Ty Hurless: We took his death very hard. It was the last thing we expected to happen. The first few shows after he passed were very raw and emotional, and naturally there was a lot of demand for our band. Understandably, people wanted to remember him. We were fielding so many requests, and we stayed busy. I think the biggest thing for us is we don’t want to disrespect his music. We take it very seriously and now that he is gone, we feel like we’re helping to keep his spirit and music alive. People ask if I channel him sometimes, and I don’t know how to answer that but I do try to perform the songs as if I wrote them because I want them to feel genuine. There is some emulation that is conscious and some of it is maybe a natural physical similarity. When I sing, I try to use his inflection without it being cartoonish. Ultimately, I want the audience to feel like they can close their eyes and feel like they are at one of his shows.
Spotlight Chronicles: Describe your connection to your audience? How is it special to you?
Ty Hurless: I relate to the audience because I’ve always been a music fan too. I really love live music and I have the thing they are experiencing in common with them. I think the tribute band experience in particular is a moment in time to take a deep breath and pause and transport back to a time in your life when you first heard the song the band is performing. In our case, Tom Petty’s music has meant so much to so many and we’ve had so many fans tell us being at our show was cathartic for them. I also have a great deal of appreciation for them being there and supporting us because we couldn’t do it without them…
Spotlight Chronicles: If you could do a second tribute band, who would it be for?

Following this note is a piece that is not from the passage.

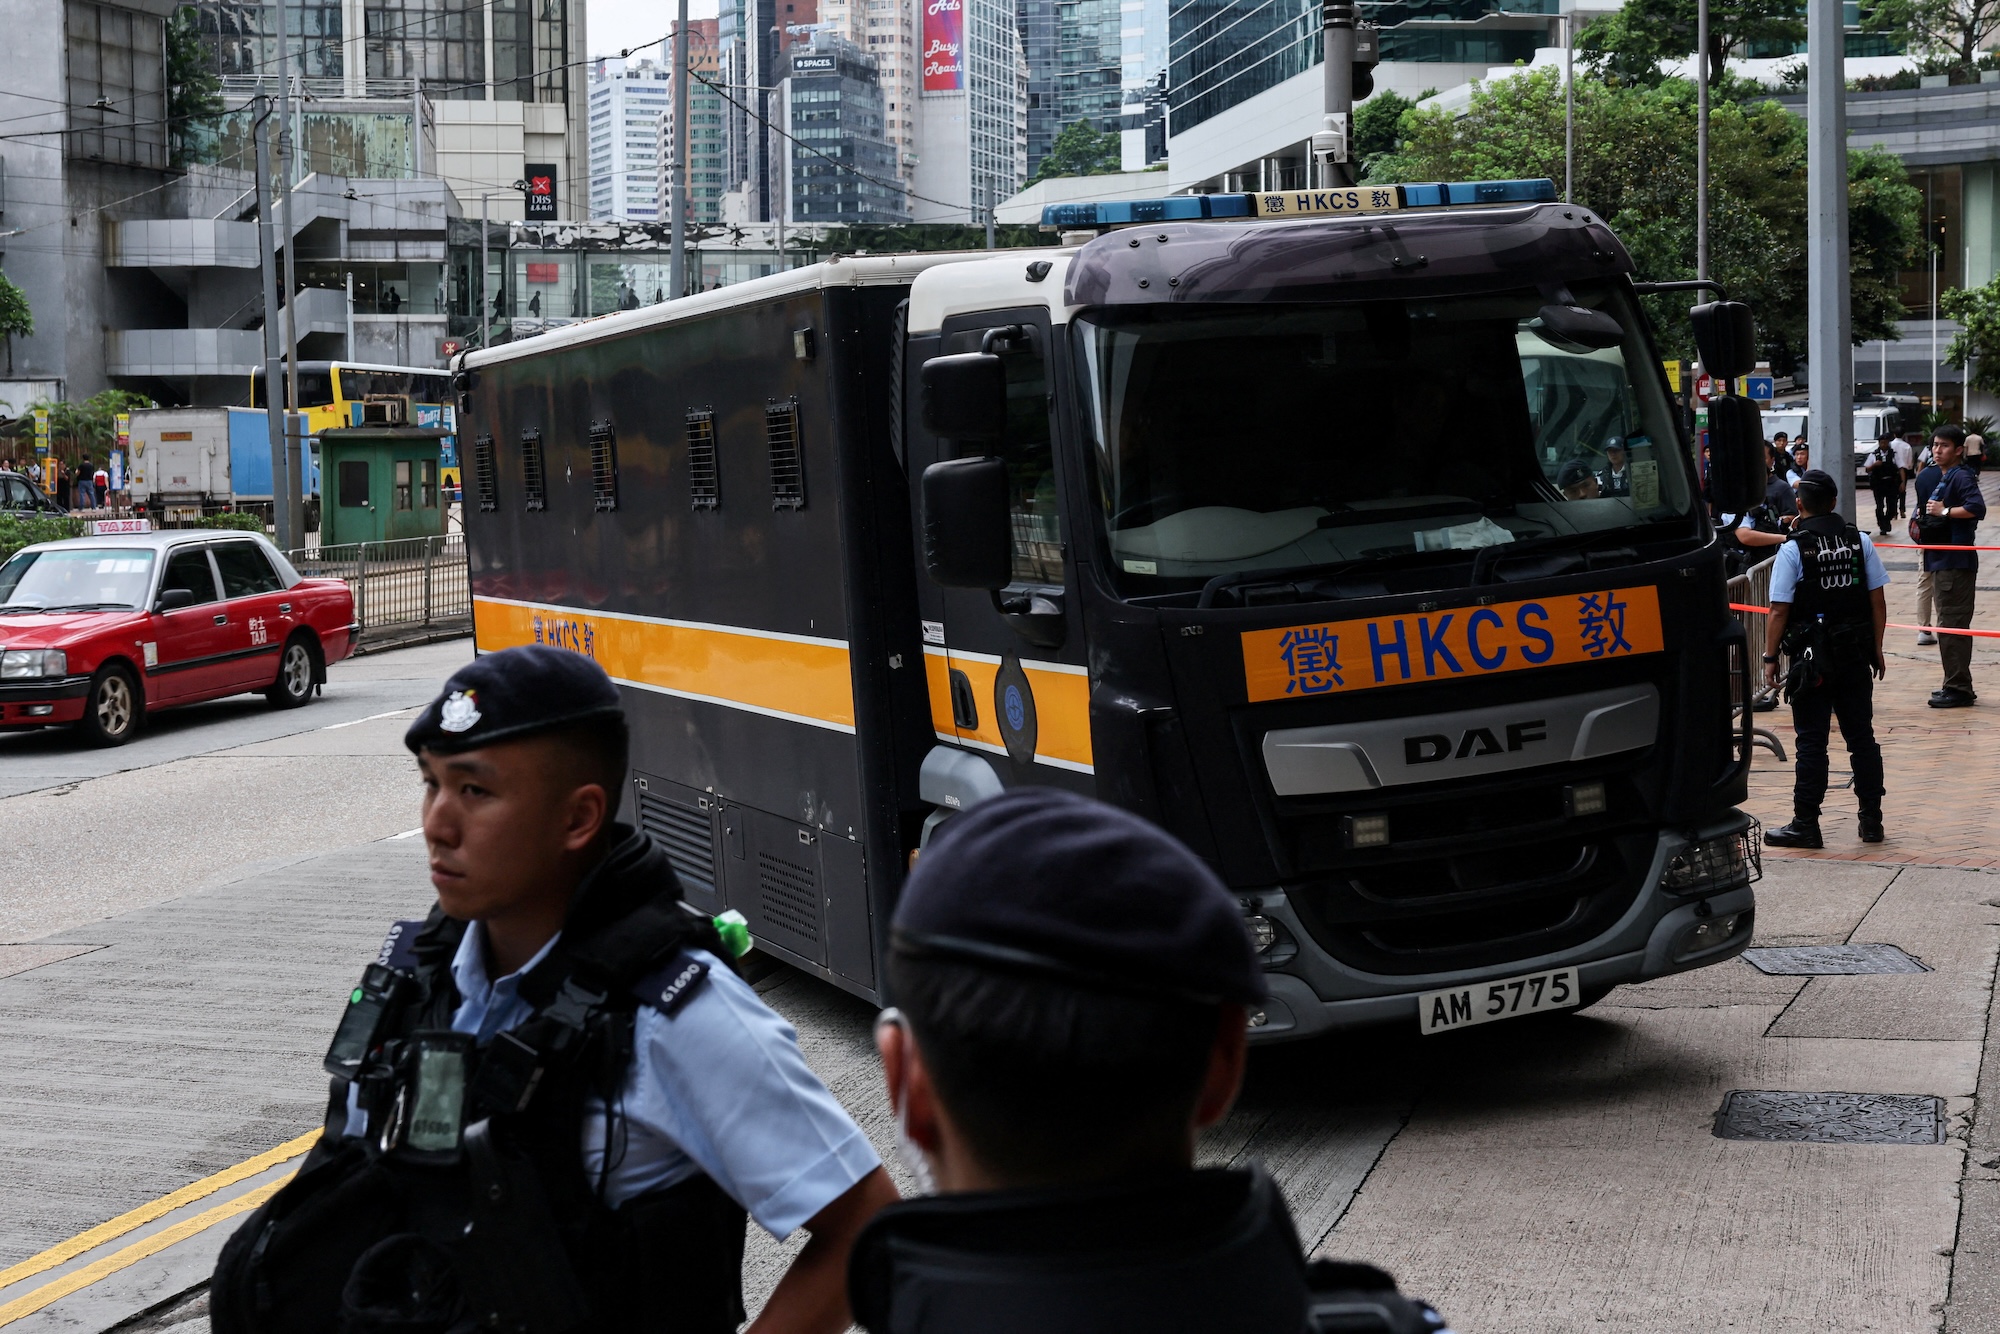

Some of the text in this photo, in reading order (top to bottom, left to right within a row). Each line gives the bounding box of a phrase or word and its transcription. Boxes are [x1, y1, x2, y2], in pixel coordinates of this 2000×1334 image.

Ty Hurless: Possibly David Bowie or maybe The Beatles. Those are two of my all-time favorite artists. This is kind of random, but I always thought it’d be fun to do a Rick Springfield tribute band. He’s got great music that people don’t know about and a little bit of the tribute show is an education in an artist’s repertoire.
Spotlight Chronicles: Do you ever write your own music? Do you plan to?
Ty Hurless: I’ve written music throughout my life and have co-written and participated in original recordings over the years. Right now, I’m in the process of finishing a backlog of unfinished stuff, and have recently had a surge of creativity which I’m trying to take advantage of. My goal for this year is to get all this stuff demo-ed and recorded. I’m not sure how far I’ll get on the recording part, but hope to be out performing those songs in a smaller setting later this year and hope my Damn Torpedoes friends will follow me.
Spotlight Chronicles: What advice do you have for younger artists starting out in Austin, either performing originals or covers, to gain a following, advance their music, get gigs at better venues?
Ty Hurless: I would tell younger artists and musicians that the thing that will get you the farthest is persistence. Keep trying and don’t ever give up, even when the gigs seem hopeless. Put everything you have into every gig, whether you’re in front of two people or 2,000. Just keep working and keep getting better at what you do.
Spotlight Chronicles: What music advice would you give your younger self?
Ty Hurless: The advice I’d give my younger self is just to believe in yourself and believe in your talent and abilities. Don’t sabotage yourself. Everyone starts somewhere and you’re better than you think you are. (This is also a piece of advice I’d add to the above) 🙂
What do you want your audience to feel and remember when they leave your shows?
Ty Hurless: I want them to come away feeling lighter; feeling energized and happy. I want them to know the power of great music. Tom Petty’s music in particular. The power that music has to uplift and how it resonates.
We hope to see folks out at our shows, We have shows coming up, the calendar is getting booked. We are playing around Austin, playing around Texas. For anyone with reservations about tribute bands, our band will change your mind.
Thank you Ty for the interview and the rest of The Damn Torpedoes for the amazing show. I really enjoyed the performance at Iron Wolf Distillery!